These six lines join together the simple, basic themes with which εὔχομαι is associated in all its secular usages : pride in race, pride in fatherland, and pride in superior achievement. When a hero εὔχεται, he says the most significant facts that he can about himself.

There are, finally, two attestations of εὔχομαι introducing speech which are not formulaic. The first is

Τ 100 ἤτοι ὅ γ’ εὐχόμενος μετέφη πάντεσσι θεοῖσι


which has been discussed above (n. 6). The usage of this expression is exactly parallel to the usage of | εὔχεαι εἶναι #, a formula confined to gods speaking of their sons, and the speech it introduces is Zeus announcement of the birth of Herakles. Accordingly, the usage and meaning of εὐχόμενος here is no less traditional than that of εὔχεαι εἶναι #, and contextual divergence motivates the lexical divergence of the line from the direct-speech εὔχομαι formula (X). Τ 100 is a formula of the type: {93|94}

muellner_eukh_echart_94


where the end of the line is usually occupied by the name/name + epithet of the speaker.

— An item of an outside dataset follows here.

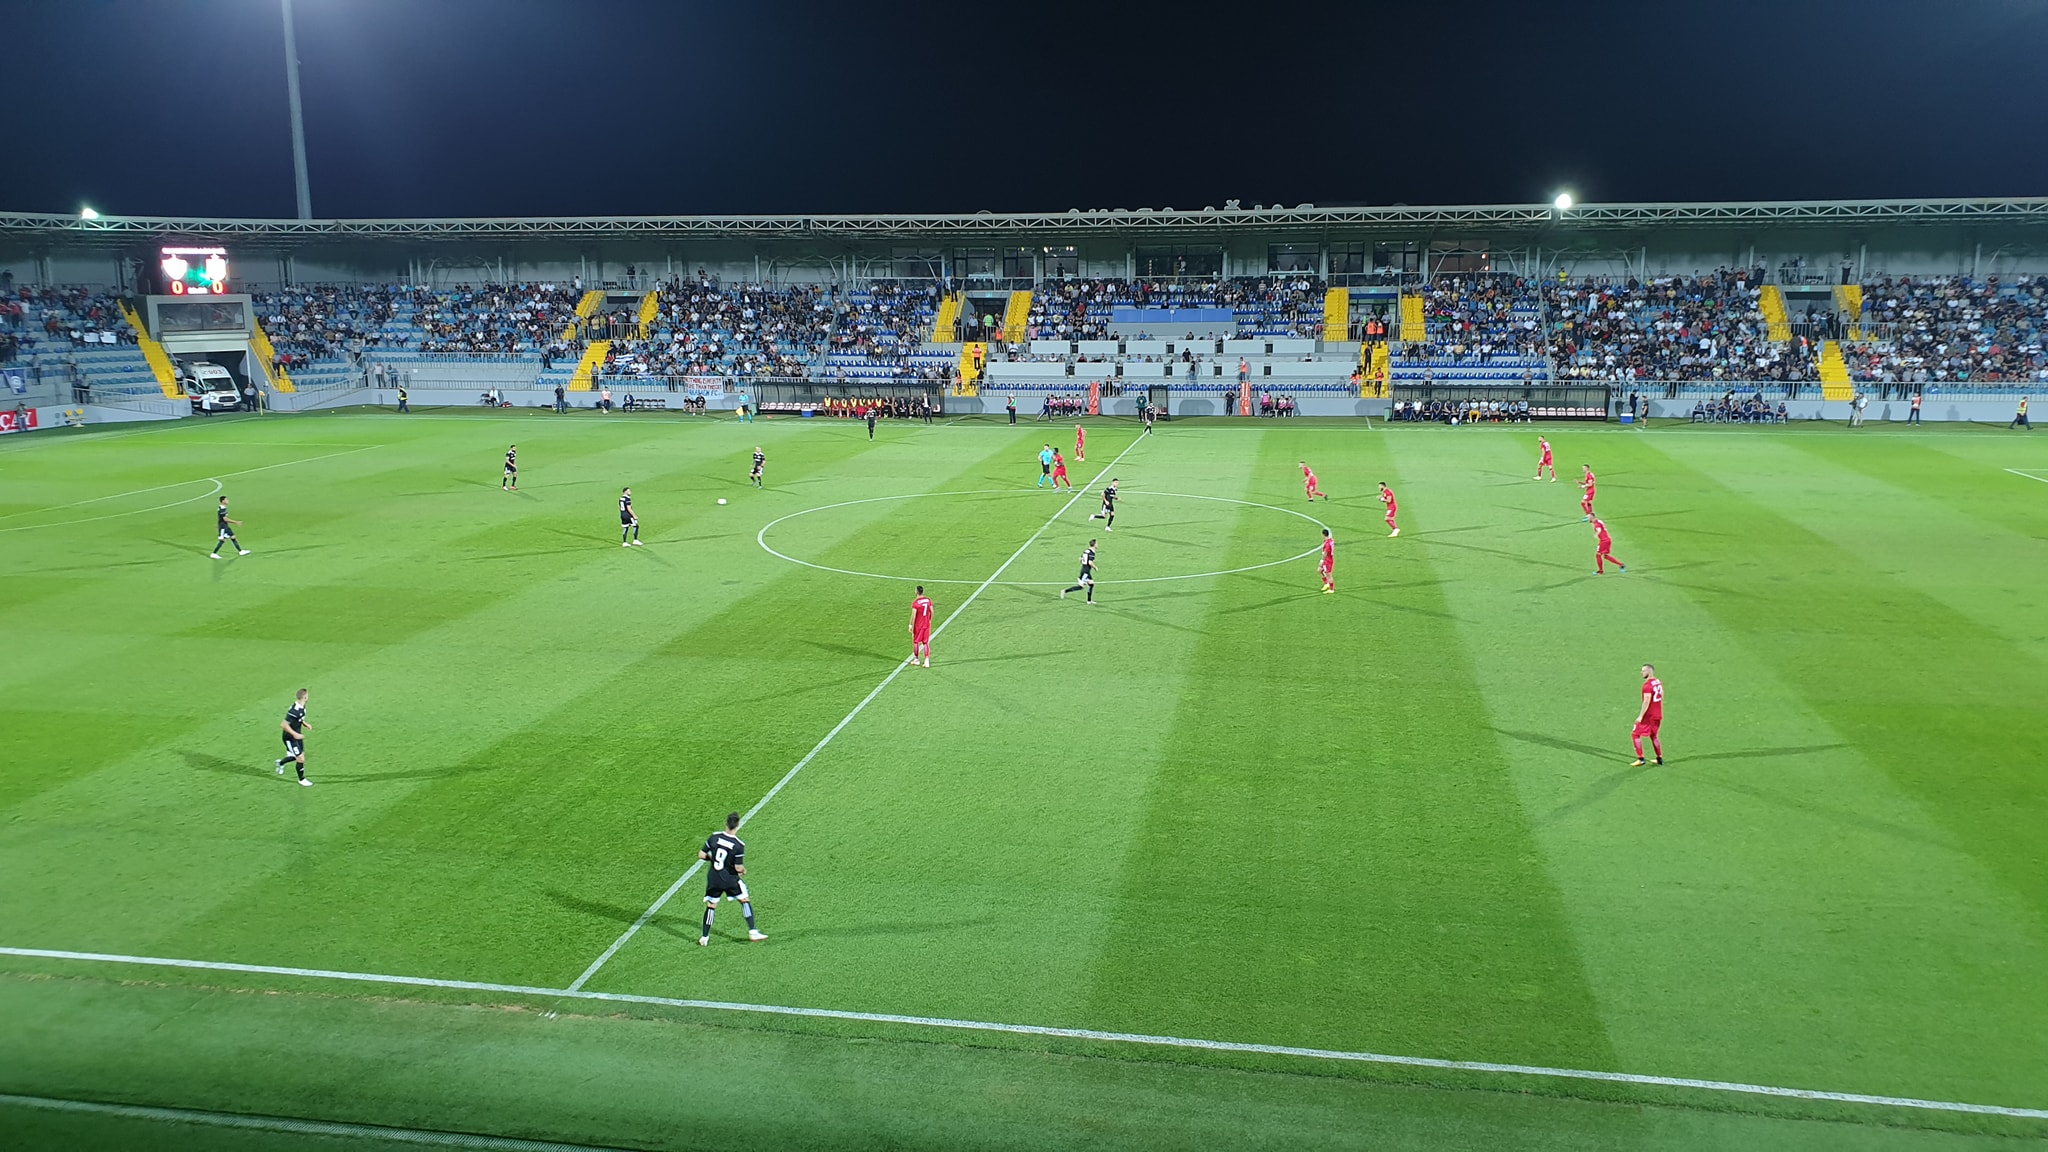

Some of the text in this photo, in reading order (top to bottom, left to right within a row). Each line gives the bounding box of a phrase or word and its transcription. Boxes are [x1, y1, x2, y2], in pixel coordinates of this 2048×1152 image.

Here, however, it is occupied by the addressees (which are always plural; thus μετέφη, vs. προσέφη) and the beginning of the line mentions the speaker by the use of a pronoun: [
39]

Τ 100 ἤτοι ὅ γ’ εὐχόμενος μετέφη πάντεσσι θεοῖσι


Otherwise the line exactly parallels

Β 411 τοῖσιν δ’ εὐχόμενος μετέφη κρείων Ἀγαμέμνων


which introduces a speech with prayer structure and in which εὔχομαι has sacral meaning. If the two lines are a rare example of formal parallelism between sacral and secular εὔχομαι formulas, context makes any ambiguity in its meaning flatly impossible since the speaker in Τ 100 is a god, Zeus, not a man. [
40] Gods do not pray unless they are disguised as mortals. Correspondingly, the context of Β 411 is a ritual narrative:

Β 410 βοῦν δὲ περιστήσαντο καὶ οὐλοχύτας ἀνέλοντο


is the line which immediately precedes it. Notice also that εὐχόμενος occupies a slot in the formula which is not lexically fixed, as against other formulas which preserve the sacral/secular split intact. This is a μετέφη-formula, the others are properly εὔχομαι-formulas.

Lastly, there is the line

ξ 463 εὐξάμενός τι ἔπος ἐρέω· οἶνος γὰρ ἀνώγει.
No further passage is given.